1. Begin by gathering all your ingredients: 1 ripe banana, 2 tablespoons of peanut butter, 1 cup of milk (dairy or non-dairy), and a handful of ice. 2. In a blender, combine the banana, peanut butter, and milk. 3. Add the ice and blend on high speed until smooth and creamy. 4. Pour the smoothie into a glass and enjoy immediately for a refreshing breakfast!
Overnight Quinoa with Applesauce
Overnight Quinoa with Applesauce is a wholesome and delicious cold breakfast option that is perfect for busy mornings. Combining the nutty flavor of quinoa with the sweetness of applesauce creates a satisfying dish that can be enjoyed straight from the fridge.

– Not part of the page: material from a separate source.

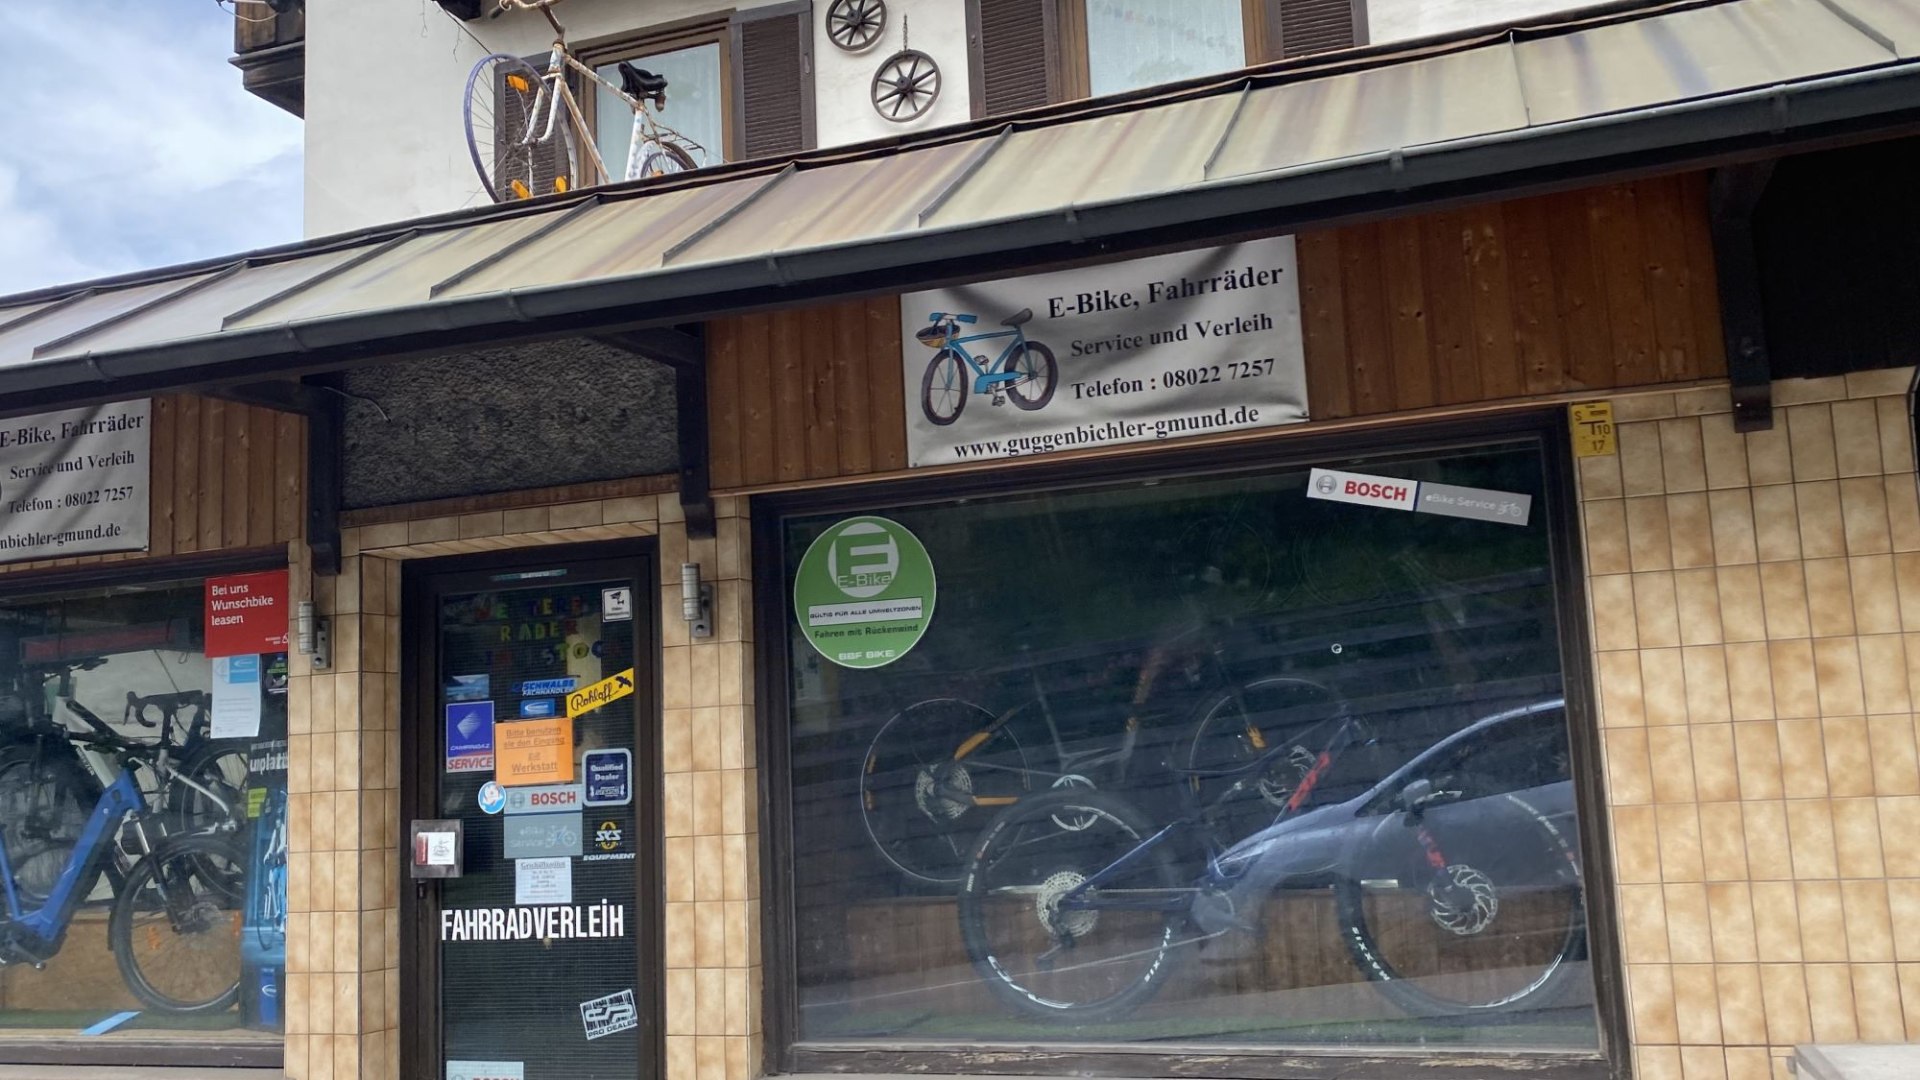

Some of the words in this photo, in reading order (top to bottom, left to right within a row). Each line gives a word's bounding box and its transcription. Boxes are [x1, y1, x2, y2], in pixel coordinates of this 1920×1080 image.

This recipe is not only easy to prepare but also packed with nutrients, making it a great start to your day.
1. Rinse 1 cup of quinoa under cold water and drain. 2. In a medium bowl, combine the rinsed quinoa with 2 cups of almond milk (or any milk of your choice), 1 cup of unsweetened applesauce, and a pinch of cinnamon. 3. Stir well to combine, then cover the bowl and refrigerate overnight. 4. In the morning, give the mixture a good stir and add sweeteners or toppings like nuts or fruits if desired. 5. Serve chilled and enjoy your nutritious breakfast!

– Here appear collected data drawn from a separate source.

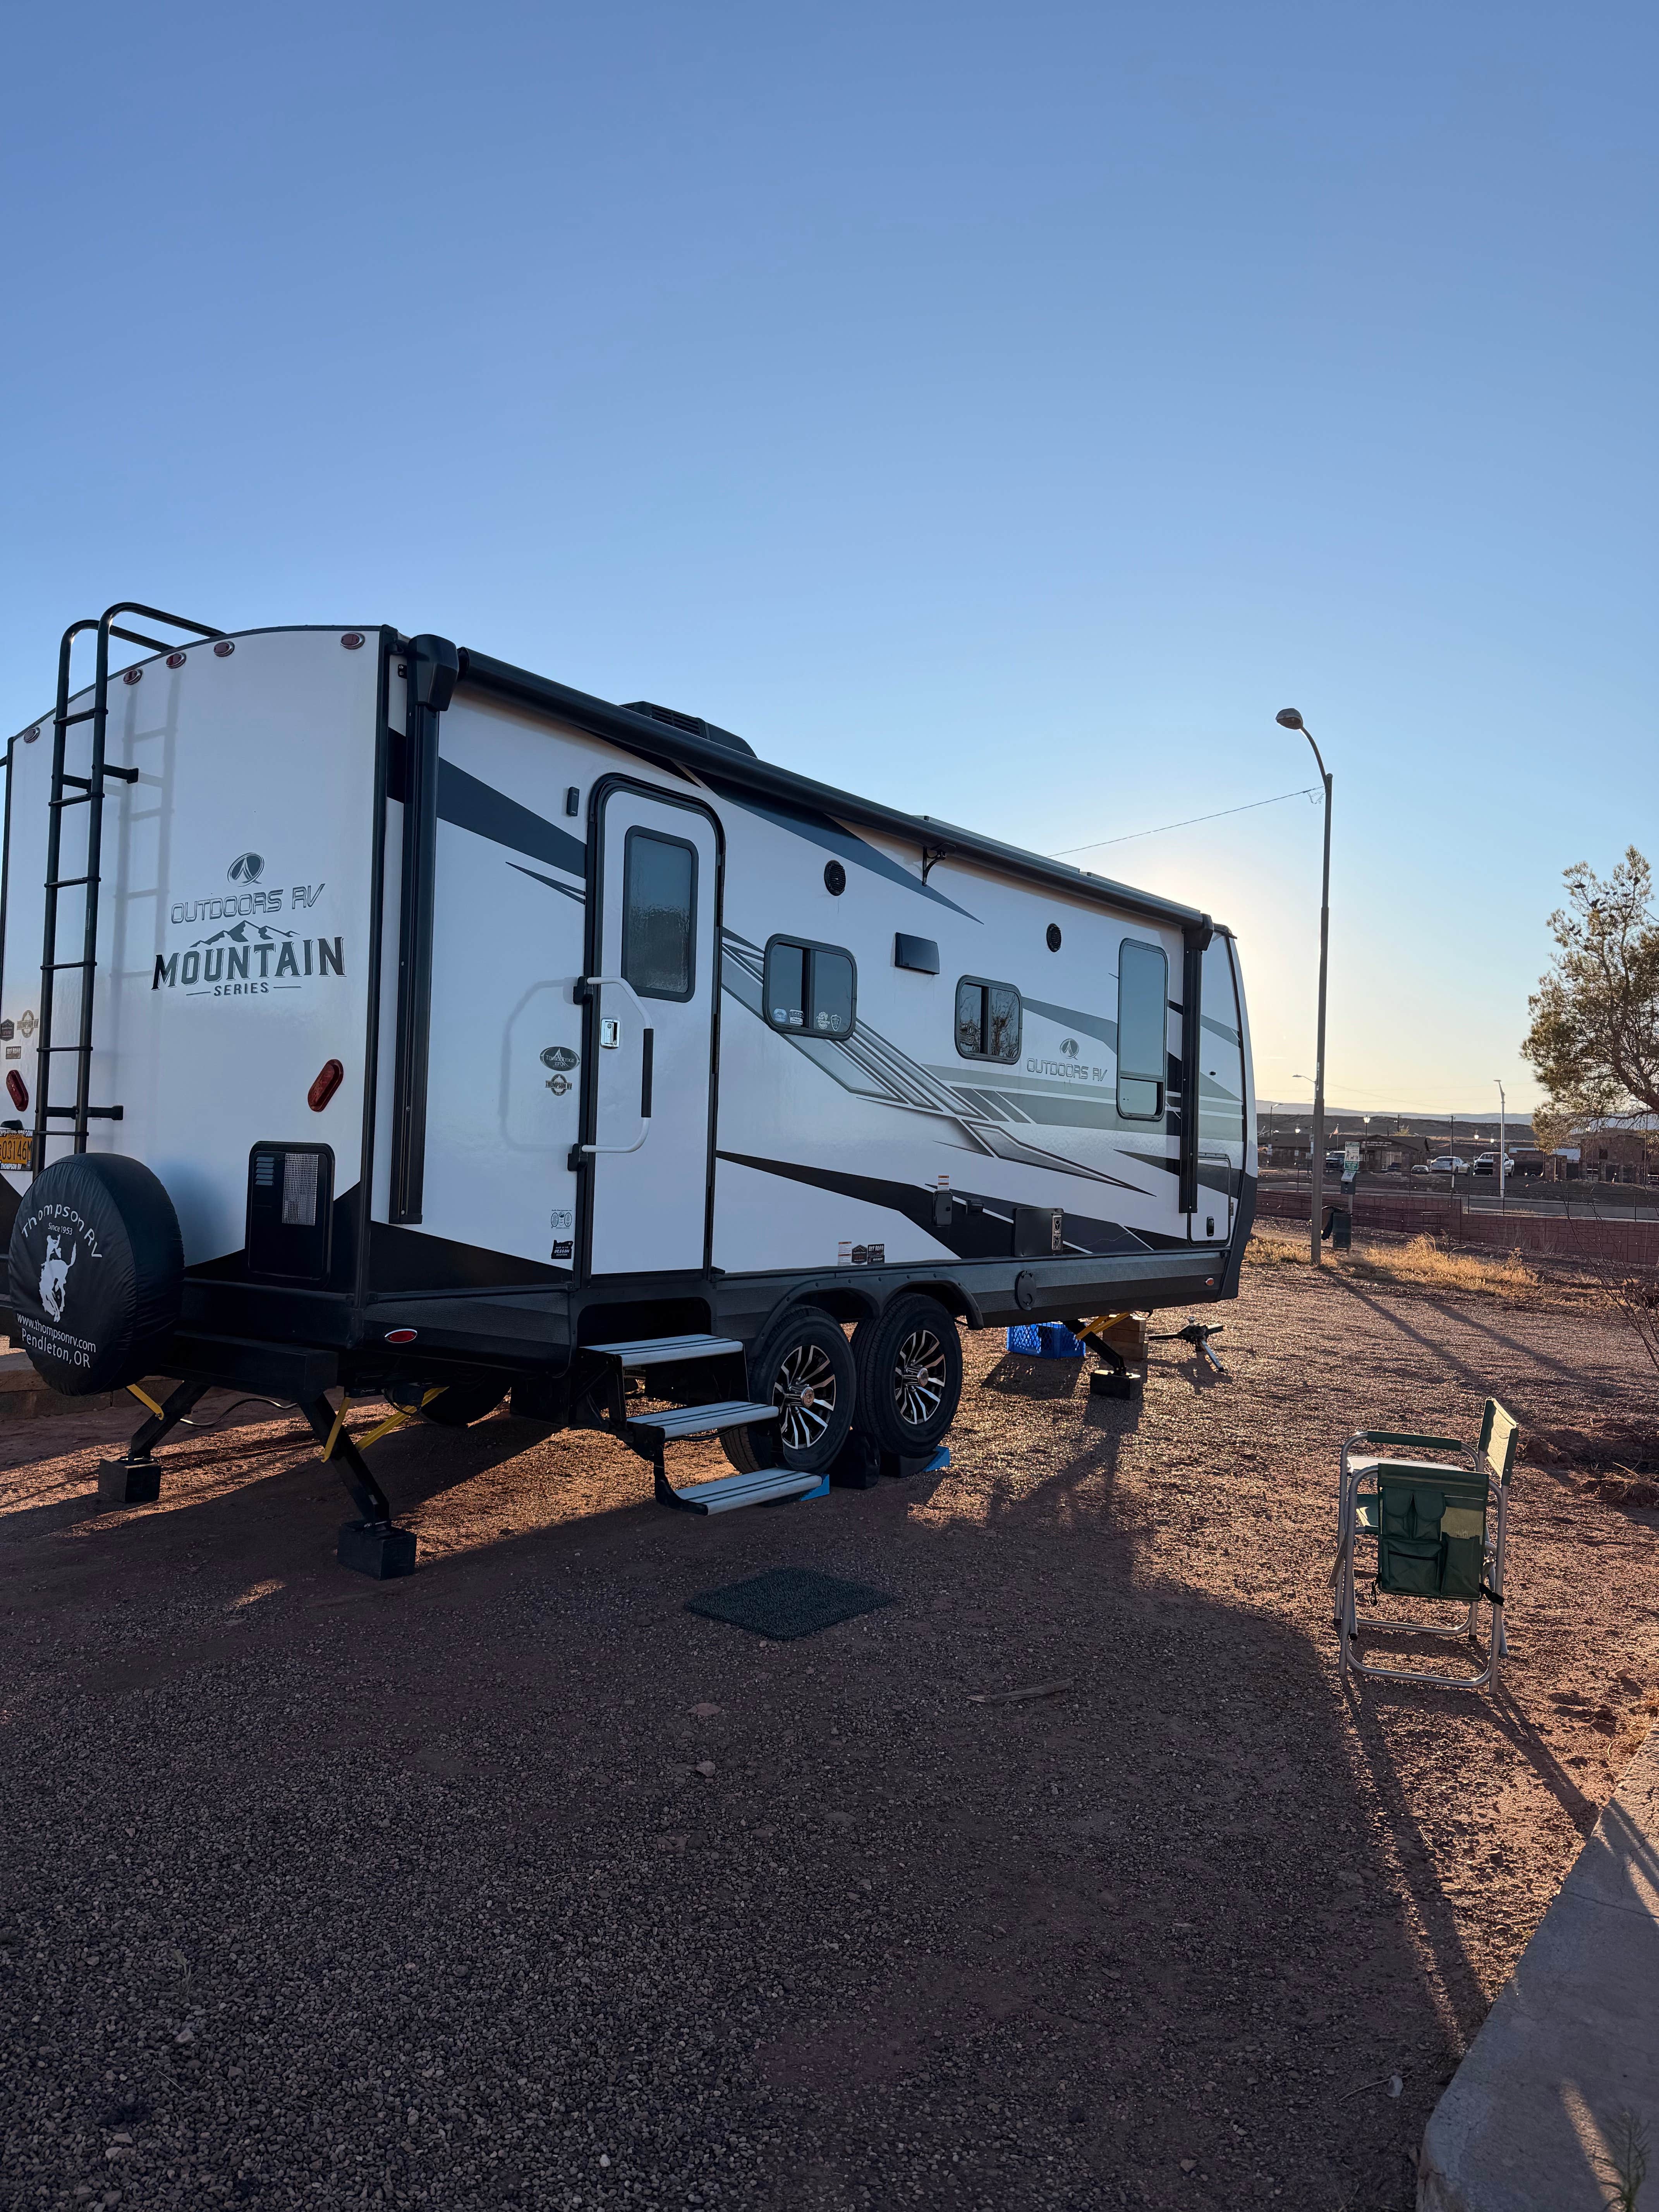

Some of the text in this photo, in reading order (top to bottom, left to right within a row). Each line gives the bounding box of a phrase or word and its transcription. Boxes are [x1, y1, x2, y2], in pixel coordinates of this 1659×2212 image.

[171, 883, 325, 924] OUTDOORS RV
[151, 936, 347, 991] MOUNTAIN
[214, 982, 270, 996] SERIES
[1027, 1058, 1108, 1081] OUTDOORS RV
[22, 1204, 103, 1258] Thompson RV
[48, 1222, 73, 1235] Since 1953
[17, 1313, 96, 1353] www.thompsonrv.com
[22, 1328, 91, 1368] Pendleton, OR

Cottage Cheese with Pineapple Chunks
Cottage Cheese with Pineapple Chunks is a refreshing and nutritious choice for a cold breakfast. The creamy texture of cottage cheese pairs perfectly with the sweet and tangy pineapple, making it a delightful way to start your day. This dish is not only tasty but also provides a good source of protein and vitamins.
To make Cottage Cheese with Pineapple Chunks, start by scooping 1 cup of cottage cheese into a serving bowl. Next, add 1/2 cup of canned or fresh pineapple chunks on top of the cottage cheese. Gently stir the mixture to combine and enjoy immediately as a cold, nutritious breakfast.